Did industrialization lead to decline in the Christian faith in the population? Not at all. To the contrary, the 19th century will be remembered with the highest ever church attendance and participation of the working class. In England, this growth in interest to religion led to the growth of congregations both for the official Anglican church and for non-conformist movements like Baptists and Congregationalists. Same happened in the industrial centers in the United States and Germany. Charles Spurgeon’s gigantic congregation consisted almost entirely of factory workers; so popular was he among the working class, that Friedrich Engels (Karl Marx’s friend and co-author), when asked whom he hated most in life, replied curtly, “Spurgeon.” Out of these urban working classes also came the greatest impetus for the missionary movement of the 19th and the early 20th century. (Missionaries like David Livingstone started their career at very early ages, working at the textile factories.)
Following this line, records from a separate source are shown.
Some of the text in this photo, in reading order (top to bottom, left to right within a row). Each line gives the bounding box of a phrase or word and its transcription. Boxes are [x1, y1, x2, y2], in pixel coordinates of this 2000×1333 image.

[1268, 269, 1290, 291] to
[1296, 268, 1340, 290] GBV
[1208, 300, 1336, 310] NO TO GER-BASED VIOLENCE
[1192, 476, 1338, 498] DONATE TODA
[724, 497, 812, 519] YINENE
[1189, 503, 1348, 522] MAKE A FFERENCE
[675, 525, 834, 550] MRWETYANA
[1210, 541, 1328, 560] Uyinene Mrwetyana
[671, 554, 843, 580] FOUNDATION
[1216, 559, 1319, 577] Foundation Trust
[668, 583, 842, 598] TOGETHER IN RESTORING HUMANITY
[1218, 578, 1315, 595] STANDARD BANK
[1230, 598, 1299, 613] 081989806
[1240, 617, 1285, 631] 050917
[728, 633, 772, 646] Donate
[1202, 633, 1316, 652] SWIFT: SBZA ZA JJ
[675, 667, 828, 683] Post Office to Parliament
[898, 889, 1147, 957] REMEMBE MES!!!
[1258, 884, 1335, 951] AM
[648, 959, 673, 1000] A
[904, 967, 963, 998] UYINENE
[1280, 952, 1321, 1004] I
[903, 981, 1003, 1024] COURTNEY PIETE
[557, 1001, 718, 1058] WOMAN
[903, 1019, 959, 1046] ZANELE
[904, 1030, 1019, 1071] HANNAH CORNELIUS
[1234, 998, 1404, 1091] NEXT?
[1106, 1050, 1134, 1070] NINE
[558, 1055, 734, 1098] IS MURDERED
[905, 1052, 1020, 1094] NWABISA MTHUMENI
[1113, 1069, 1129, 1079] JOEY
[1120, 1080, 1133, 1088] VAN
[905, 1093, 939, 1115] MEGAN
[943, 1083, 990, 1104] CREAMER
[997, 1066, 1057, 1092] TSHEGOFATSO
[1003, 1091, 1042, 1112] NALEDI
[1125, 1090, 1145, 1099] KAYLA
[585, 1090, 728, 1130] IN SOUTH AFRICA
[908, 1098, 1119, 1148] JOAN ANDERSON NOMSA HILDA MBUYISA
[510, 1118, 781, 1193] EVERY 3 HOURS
Ironically, during this period, the decline of interest in the Christian faith was mainly observed among the higher classes, the nobility and the bourgeois – those who could afford to work from home and have their family fellowship all the time. Where the rich never married, or experimented with debauchery, sodomy, occultism, and narcotics, the masses of factory workers married, raised children, attended churches and organized all kinds of missions, voluntary charities and mutual assistance organizations for their own – and all that while working 12 hours a day, with their children also working in the factories. If we were allowed to inspect the demographic constitution of the families who are in heaven, we may discover that the average Christian family residing in heaven at this moment has been a working family in the West in the 19th or the early 20th century. Interestingly enough, the decline of religion among the working classes came very late, and it actually coincided with the first social victories of the trade unions, namely, reduced work hours, and restrictions on hiring children in the factories. More time for the father with his family should lead to stronger families and deeper commitment, but it didn’t. If there was ever a Golden Age of the Christian family, it was the age of unimpeded capitalism of the Industrial Revolution.
Why was it so, then? And why are the modern commentators so blatantly wrong when it comes to the Industrial Revolution?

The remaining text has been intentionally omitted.